TASK DIRECTIONS
From the first entry to the last, copy everything exactly except the pictures.

RECORDS FOR THIS TASK

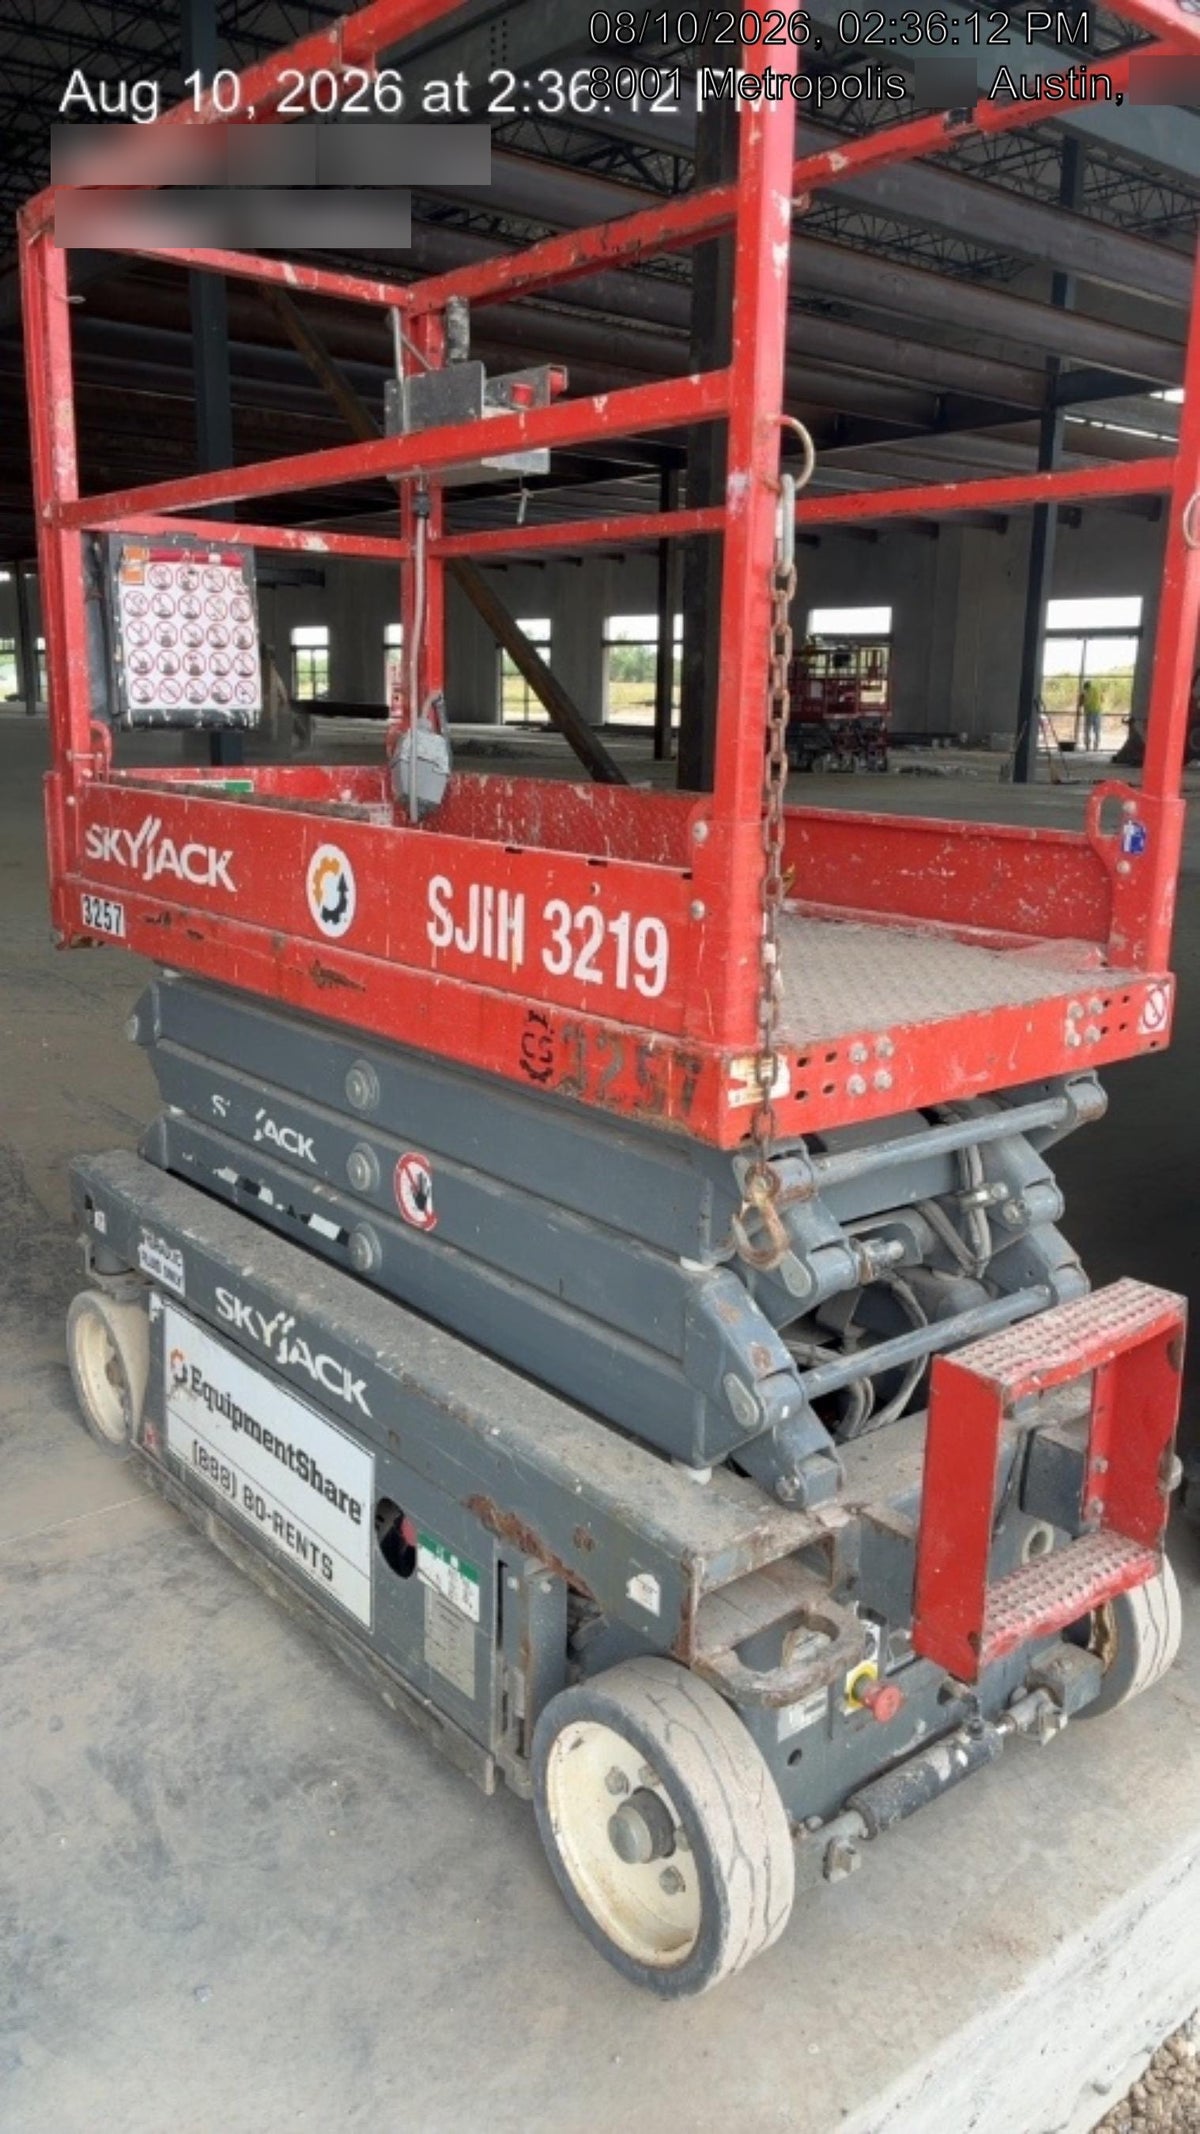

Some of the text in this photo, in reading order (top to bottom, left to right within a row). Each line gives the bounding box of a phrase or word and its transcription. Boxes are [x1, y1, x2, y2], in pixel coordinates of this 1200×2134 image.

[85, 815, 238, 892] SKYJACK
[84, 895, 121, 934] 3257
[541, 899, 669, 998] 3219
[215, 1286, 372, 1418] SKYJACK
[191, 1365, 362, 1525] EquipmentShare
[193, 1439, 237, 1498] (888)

RESULT OF THE TASK
Some of the text in this photo, in reading order (top to bottom, left to right within a row). Each line gives the bounding box of a phrase or word and its transcription. Boxes are [x1, y1, x2, y2], in pixel coordinates of this 1200×2134 image.

[85, 815, 238, 892] SKYJACK
[84, 895, 121, 934] 3257
[541, 899, 669, 998] 3219
[215, 1286, 372, 1418] SKYJACK
[191, 1365, 362, 1525] EquipmentShare
[193, 1439, 237, 1498] (888)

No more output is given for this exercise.